Two-consonant reduplication is a way to express plurality in about 10% of Kallam words. The first two consonants are copied and inserted before their location in the stem, and a schwa is inserted between them. For example, ləmətú (sheep) becomes ləmləmətú (bunch of sheep) through this process.

First letter reduplication is one of three ways to create a continuative verb form. The first consonant of a word is inserted after the first vowel, sometimes with a schwa added afterwards; for example, qán̓ cn (I steal) becomes qáqən̓ cn (I am stealing).

To create a diminutive form the first consonant is reduplicated with an additional 'suffix' of -aɁ afterwards and an infix of -Ɂ- later in the word. With this músmes (cow) becomes maɁmúɁsməs (little cow, calf). The diminutive is not limited to noun forms. When used on a verb, the meaning takes on the characteristic of 'just a little' or 'by a small thing'. With an adjective, the meaning is construed to a lesser extent then the original form.

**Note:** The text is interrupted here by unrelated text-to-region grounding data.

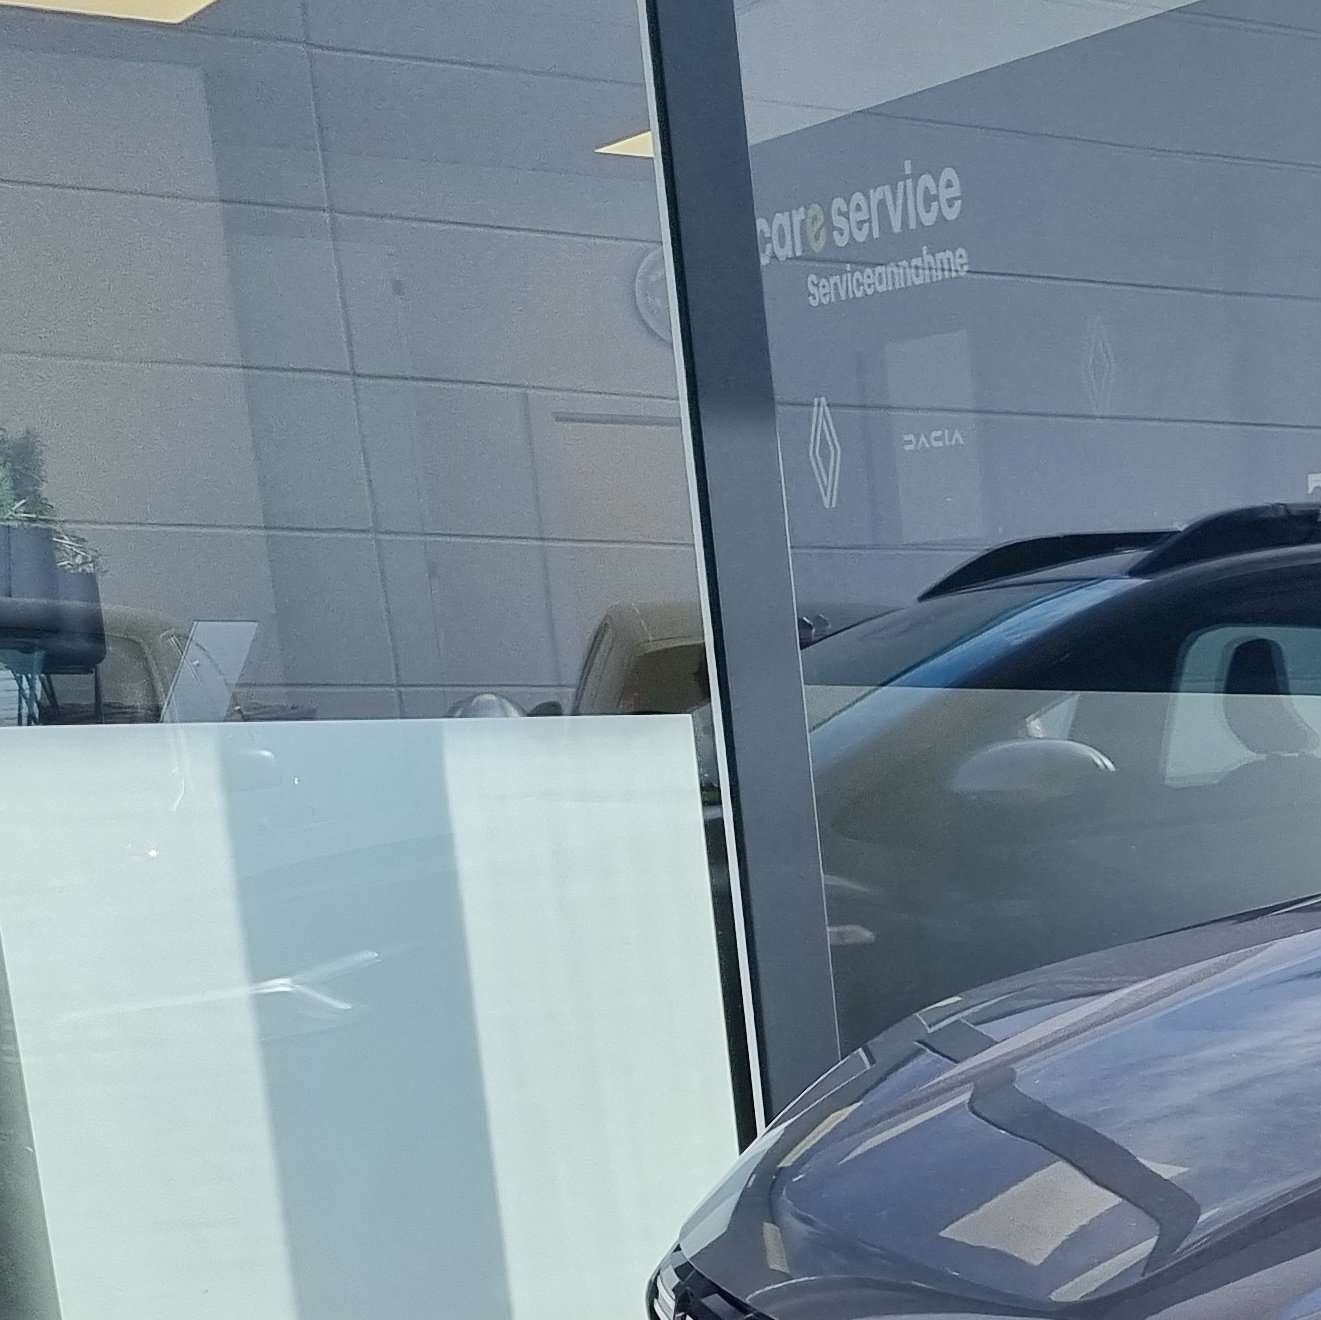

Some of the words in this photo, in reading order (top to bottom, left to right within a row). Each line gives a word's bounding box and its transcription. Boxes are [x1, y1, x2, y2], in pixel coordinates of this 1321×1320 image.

[756, 203, 826, 268] care
[831, 159, 962, 248] service
[807, 245, 970, 308] Serviceannahme
[903, 429, 965, 450] DACIA
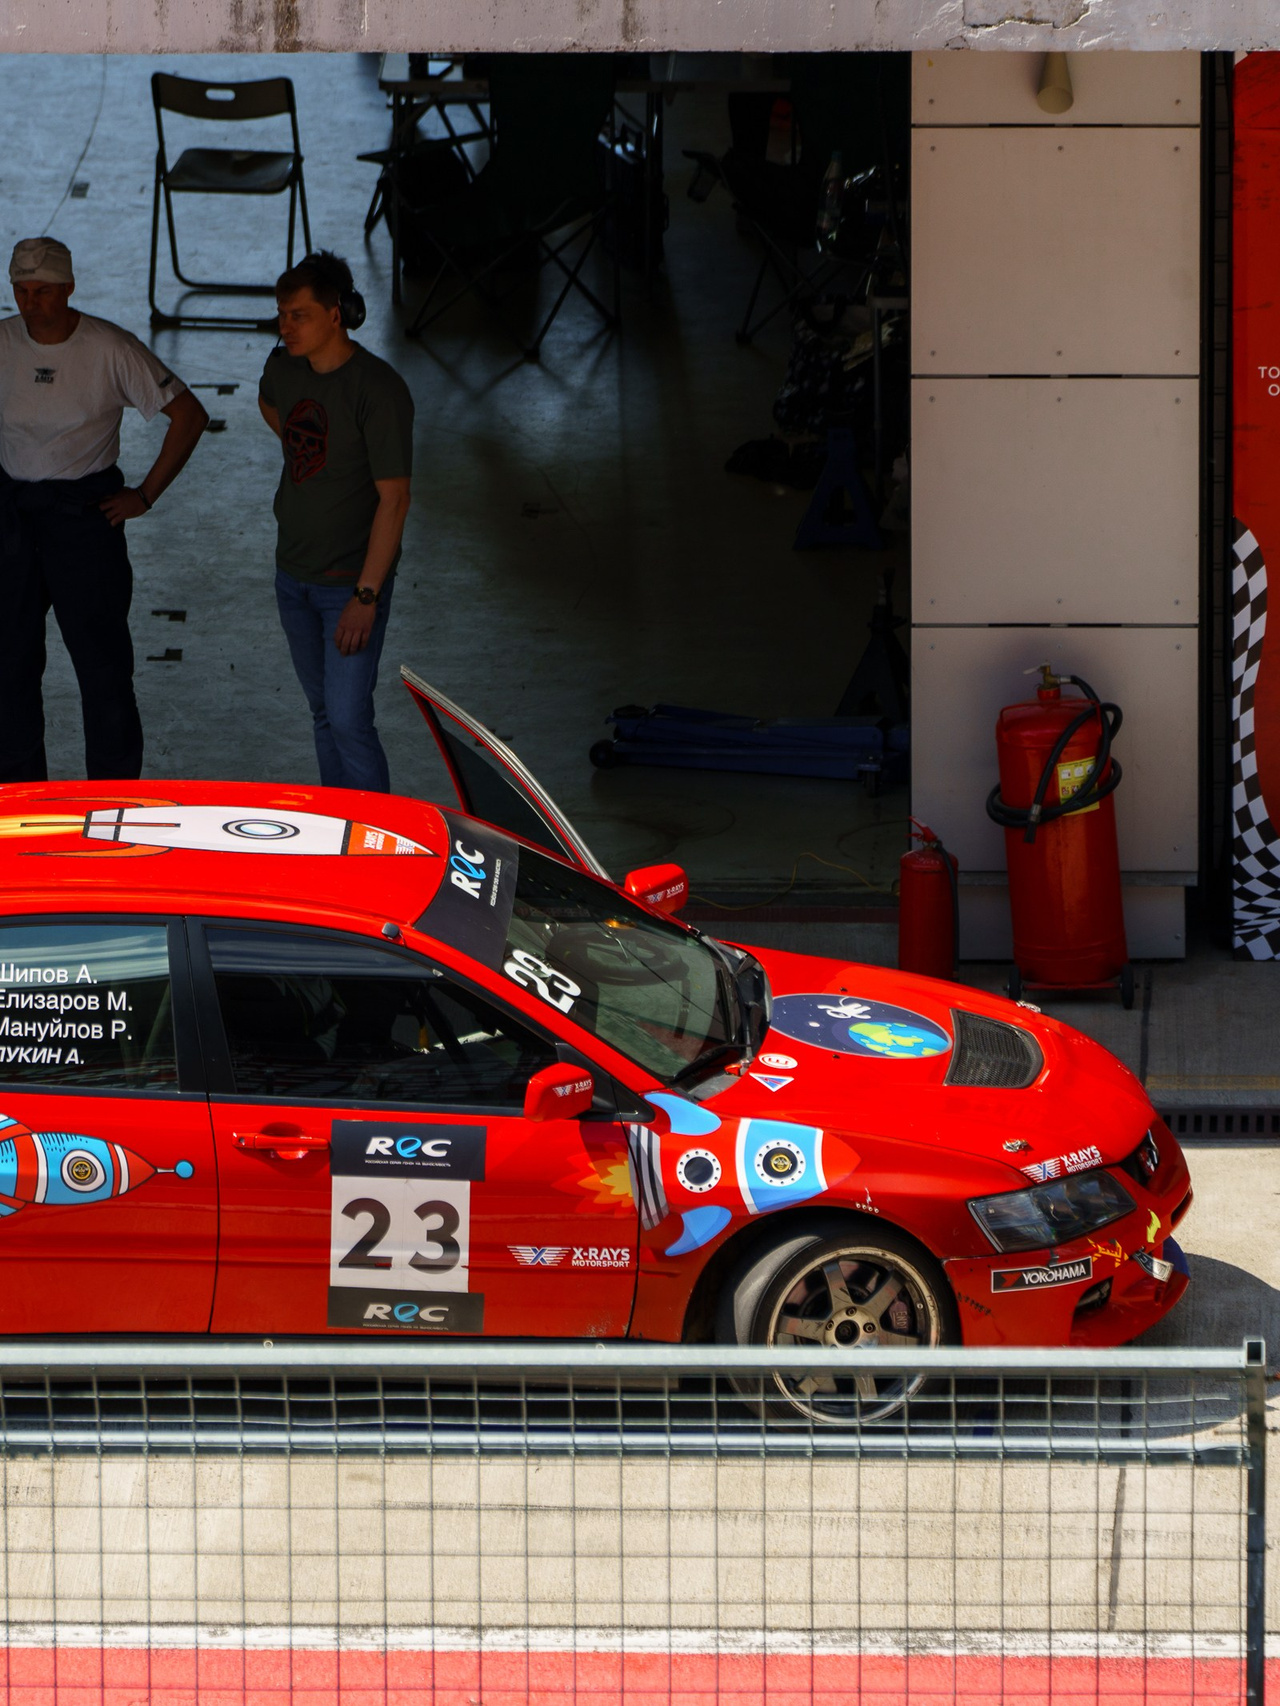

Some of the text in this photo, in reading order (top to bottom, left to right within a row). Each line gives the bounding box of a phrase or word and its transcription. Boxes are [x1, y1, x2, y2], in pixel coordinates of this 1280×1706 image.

[75, 964, 98, 984] А.
[503, 949, 582, 1014] 23
[107, 990, 133, 1012] М.
[111, 1019, 133, 1040] Р.
[64, 1048, 85, 1065] А.
[1060, 1145, 1102, 1168] X-RAYS
[1066, 1156, 1104, 1173] MOTORSPORT
[338, 1196, 461, 1275] 23
[571, 1259, 630, 1268] MOTORSPORT
[572, 1246, 631, 1261] X-RAYS
[1021, 1262, 1087, 1286] YOKOHAMA

Other forms of reduplication exist with meanings of 'characteristic', 'inceptive', and 'affective' aspects.

Syntax 
The typical word order in Klallam is VSO, but if the subject of the verb is obvious then the object and subject can be in any order. This means that VOS is a very frequent alternative structure. The subject is considered obvious when both participants are human and one possesses the other. For example, in kʷənáŋəts cə swéɁwəs cə táns, literally 'helped the boy his mother' (The boy helped his mother), the mother is possessed by the boy and therefore cannot be the subject. In this case, the sentence could also be written as kʷənáŋəts cə táns cə swéɁwəs, inverting the object and the subject. When an adjective is involved in a noun phrase, it comes before the noun it describes.

After the first verb, either the main verb or an auxiliary verb, often there is one or more enclitic particles "that serve to situate the speech act". These particles will add information about tense and mode or serve as evidential or question markers.

Case system 
In main clauses, Klallam uses an ergative pattern to mark the third person. The first and second persons in the main clause, however, and all persons in subordinate clauses follow an accusative pattern.

Verbs are intransitive unless marked with one of several transitivizing suffixes. The suffix -t on a verb indicates control by the actor. For example, in ćáɁkʷ cn ɁaɁ cə nətán "I got washed by my mother", the root is unmarked and the subject cn is a patient while the agent is the object of the oblique preposition ʔaʔ, but in ćáɁkʷt cn cə nəŋənaɁ "I washed my child", the -t transitive suffix marks that the agent subject, cn is in control of the action. In a similar manner, the transitivizer -nəxʷ indicates a lack of control.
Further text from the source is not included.